Now, lets do this 1500 times! Time for reach for parallel again:

parallel convert {} -background white -fill white -draw "rectangle 160,163 1799,215" -draw "rectangle 160,2725 2342,2834" -flatten watermark.png -compose Divide_Src -composite "/home/jon/book-imgs-proc/{/}" ::: ~/book-imgs/*.png

(I could have used mogrify and done it in-place, but I wanted to keep a backup. The first parallel command took quite a while to run.)

This command seems a bit confusing, so I’ll break it into its constituent pieces.

The first part is -background white ... -flatten, which fills the transparent edges with white. I wanted the images to have an 8.5×11 ratio (because I’m a silly American), and it turns out they already were in that ratio – if I included the transparent part. No cropping required!

The next part is -fill white -draw "rectangle 160,163 1799,215" -draw "rectangle 160,2725 2342,2834". Since we aren’t cropping out the licensing text, I’m instead simply covering it up with some filled-white rectangles. The coordinates took a bit of tweaking, but it worked out pretty well.

Finally after we -flatten, and all the operations have happened on the source image, we can load the watermark image and divide by it as before: watermark.png -compose Divide_Src -composite "/home/jon/book-imgs-proc/{/}". To make everything work, I had to manually move the watermark up in GIMP to get it to align. Not sure why, but after I did this everything processed basically perfectly (it’s still not exactly aligned, so there’s some very thin gray lines, but it’s good enough for me).

Now, we can use convert again (ImageMagick is so useful) to join the PNG images into a single PDF:

convert ~/book-images-proc/*.png book.pdf

Well actually, convert likes to use… lots of RAM, so I actually ran:

nice -n 19 convert -limit area 1GiB -limit memory 1GiB -limit map 1GiB ~/book-imgs-proc/*.png book.pdf

…and went out with a friend, then came back and read The C Programming Language for a bit, then browsed Hacker News for a bit… it ended up running for almost 3 hours but it chewed through all the pages eventually. The resulting PDF was more than 700 MiB.

Now we can use basically any PDF OCR tool to make the text searchable. If I had the motivation I could probably scrape the original text from the book to get it perfect, but I don’t care that much, so OCR it is.

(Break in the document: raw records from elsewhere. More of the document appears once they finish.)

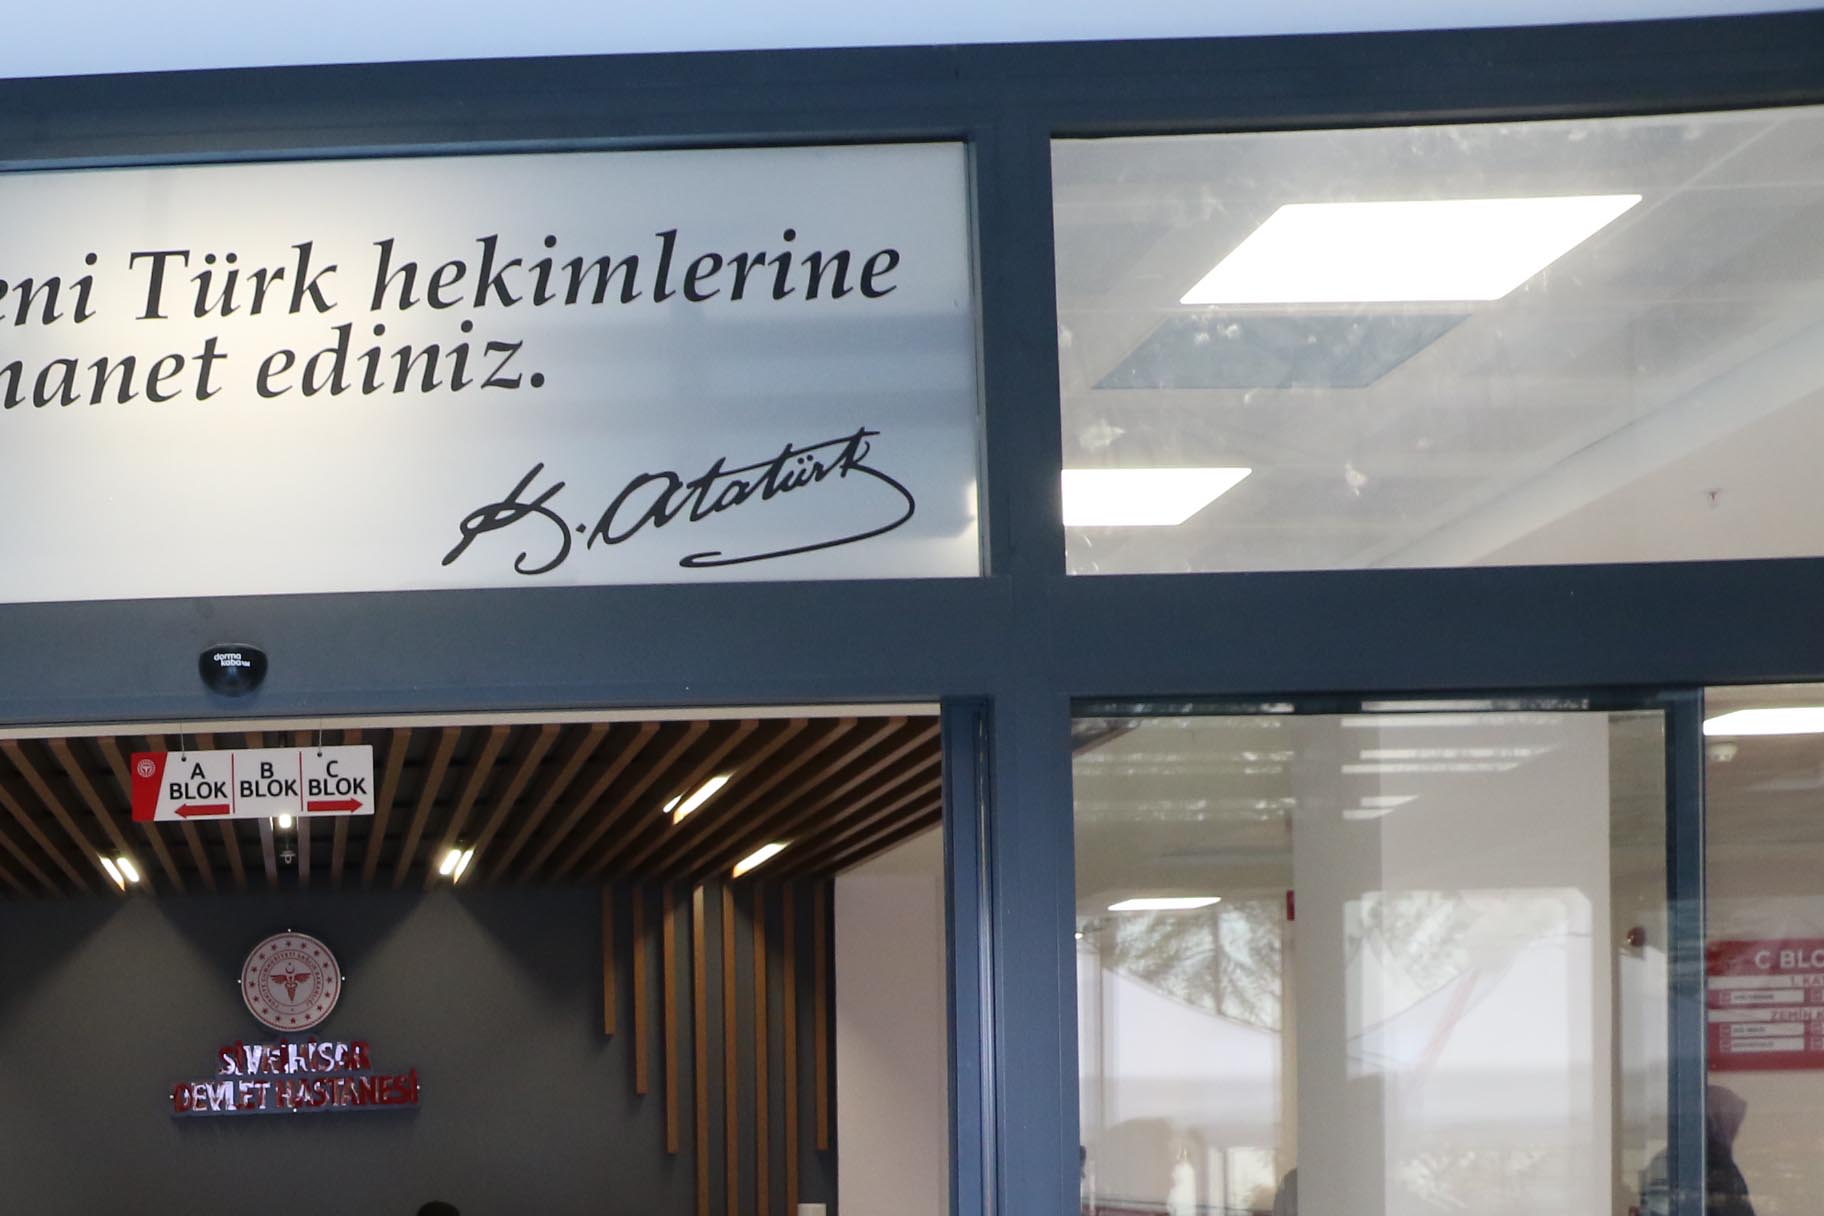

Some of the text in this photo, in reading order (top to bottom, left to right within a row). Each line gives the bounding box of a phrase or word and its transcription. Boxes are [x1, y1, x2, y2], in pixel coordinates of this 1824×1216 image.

[129, 241, 337, 319] Türk
[370, 228, 900, 314] hekimlerine
[256, 319, 545, 398] ediniz.
[213, 653, 242, 661] dorma
[190, 762, 206, 780] A
[259, 762, 275, 779] B
[326, 760, 339, 777] C
[169, 781, 229, 800] BLOK
[240, 779, 299, 798] BLOK
[308, 777, 368, 796] BLOK
[1754, 948, 1824, 970] C BLO
[173, 1079, 271, 1113] DEVLET

I already have Ruby and the Tesseract OCR engine installed, so I just grabbed the one-script pdfocr tool from its Github repo. One extra command installation it needed for some reason and…

./pdfocr -t -i book.pdf -o book-ocr.pdf

…another hour or so of waiting later and my PDF was done! Basically 100% searchable and cleanly formatted. Over buying a “lifetime of edition” code I saved at least $120, so I’m pretty happy with this project overall.